誰でもない、自分自身が、自分自身を「苦しむべき」と呪っていたから、こうなっていたのだろう。
だからこそ、自分の状態を抜きに他人に全精力を注がなければならないと、そう思ってしまったのだろう。
人から想われるにはどうすればいい 今でも僕に問いかける
それは自分を想う延長線にあると答えてみる いや そう信じている
自分を想うことってさ どんな事だろう
それは日常の何気ないものと向き合う事だよ
順番が、逆だったというわけだ。
人から距離を取った小田原ぐらしで、生活を少しずつ立て直すことができた。
些細なことを大事にして生きることで、僕はかなり落ち着きを取り戻すことができた。
今でも先のことを考えて死にそうになる時は、この曲をかける。
12. in your arms

小田原暮らしで聴くようになった曲の一つ。
雨とカプチーノのような、しっとりとした雨音が聞こえてくるようなサウンド。
Lo-Fiが好きだと気づいたのはこの曲がきっかけだった。
歌詞は、韓国語らしい。
謎のハモリだなあ、と思って今日調べてみたらそう書いてあった。
本当に歌詞で曲を聴かない。
小田原で暮らしてから、自分の中に「心の井戸」をイメージするようになった。
汲み出し続ければ枯れ、再び満ちるまでには時間をかけるしかない。
〈天山湯治郷〉でひたすらに湯に当たり続ける時間がそれを教えてくれた。
湧き水がピタリピタリと音を立てる様をイメージする。
本当に少しずつ、気の遠くなるような時間をかけて、水が湧く。
石に苔が生し、木が生い茂り、風が心地よくなる様を思い浮かべる。
そうやって過ごしていると、少しずつ回復していくのだ。
僕は人と会う前にこの曲をよく聞いている。
そうすると落ち着き払って人と接すことができる。
その結果多くの人と仲良く出来た。
まさにこれは「スミーのIBGM」というわけだ。
おわりに
以上10曲が僕の人生をなぞる曲だった。いかがだっただろうか。
人生を変えられたような気もするし、別件で人生が変わった後に出会ったような気もする。
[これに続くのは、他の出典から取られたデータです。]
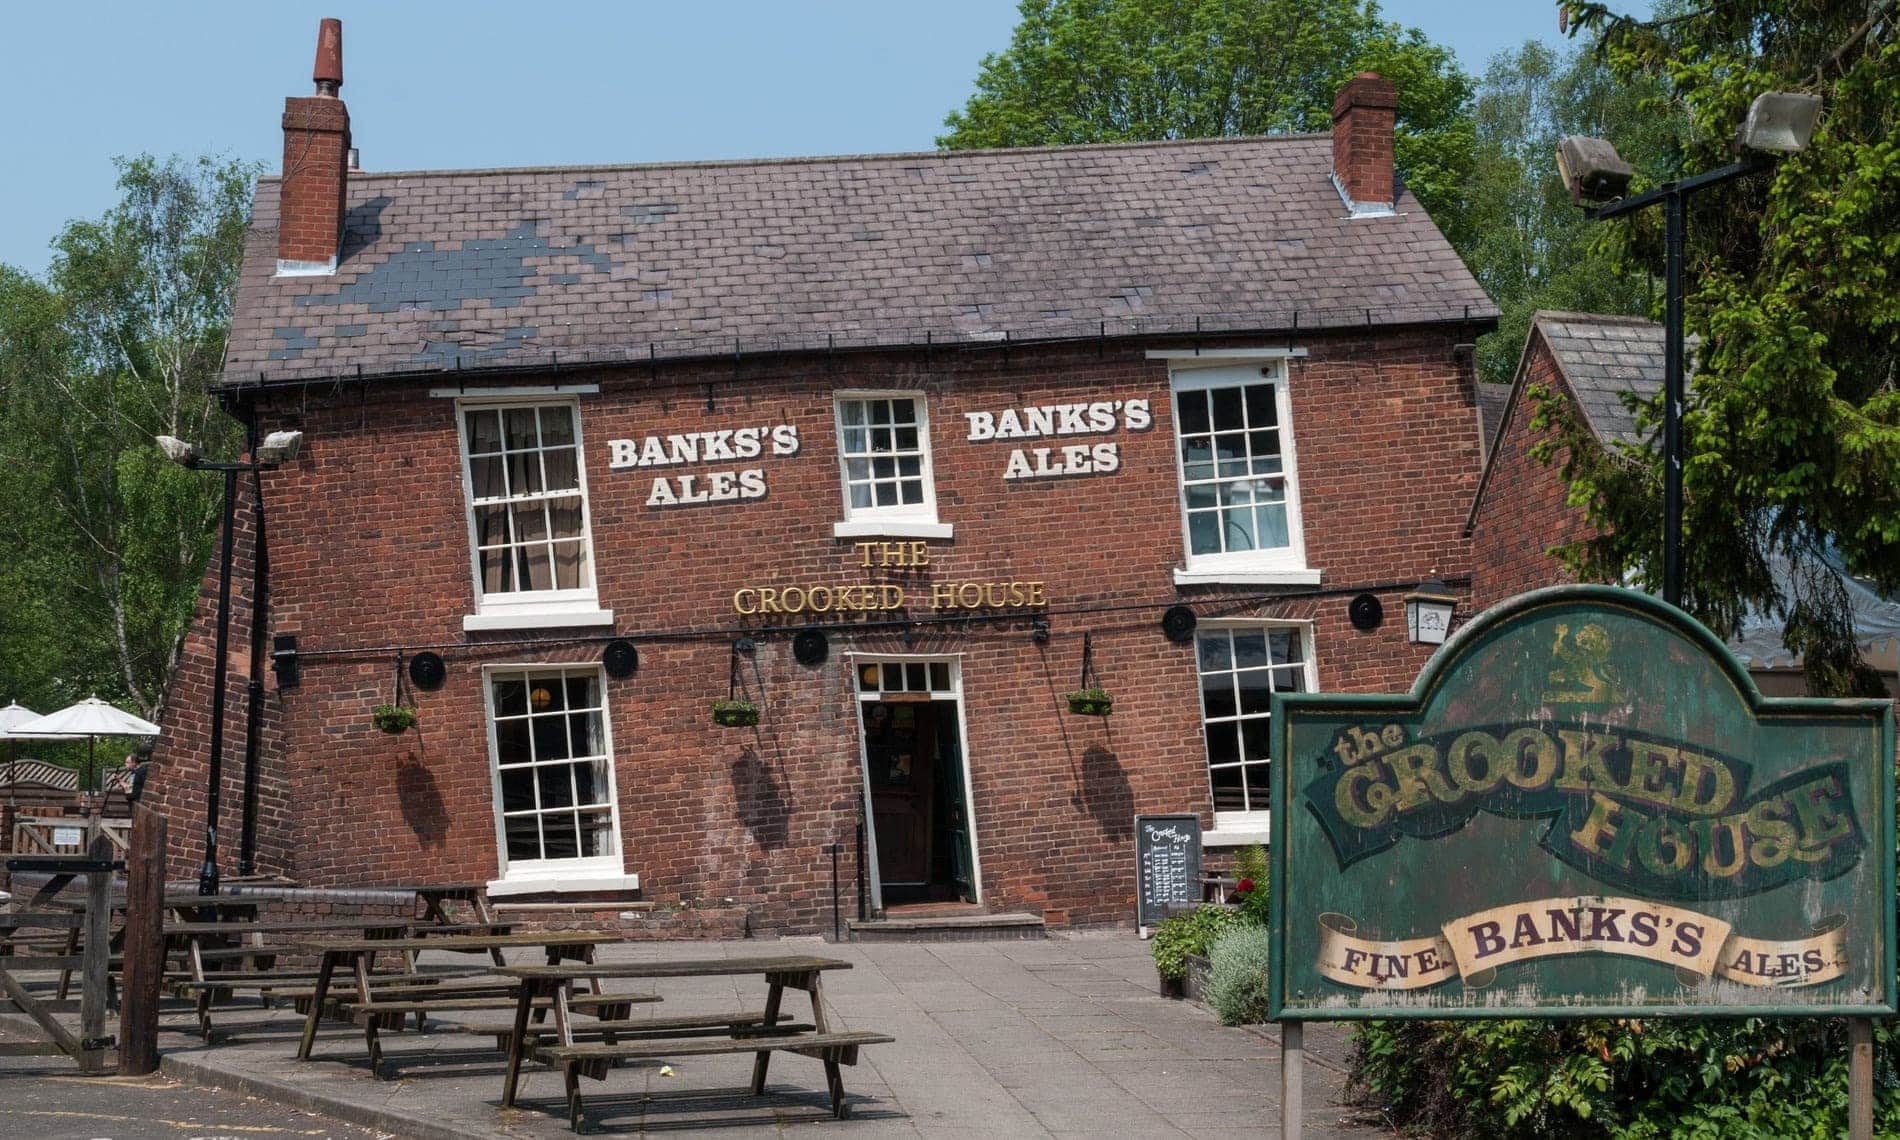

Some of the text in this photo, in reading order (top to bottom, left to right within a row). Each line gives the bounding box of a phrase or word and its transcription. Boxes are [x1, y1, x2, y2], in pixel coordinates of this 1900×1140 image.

だがどちらにせよ、僕の傍にあった曲たちには違いない。
しかしこう、全体を見て考えると、僕は「役割を演じる」ことに対して強い拘りがあるようだ。
キャラクター創作はダイレクトに演じることである。
没頭することも演ずることに通じる。
そして何より、「格好いいエンジニア」を演じることで心を壊し、
今は「落ち着いた人」を演じることで心を守っている。
演技であること自体は問題ではない。
ただその演技をする目的を見失うと、役に取り殺されてしまう。
だから僕は、僕の目的を誰よりも見つめ続けないといけないと、思う。
ぜひこれを読んだ皆さんも、自分の人生を10曲で語ってみてほしい。
これが結構いろいろ示してくれて面白いのだ。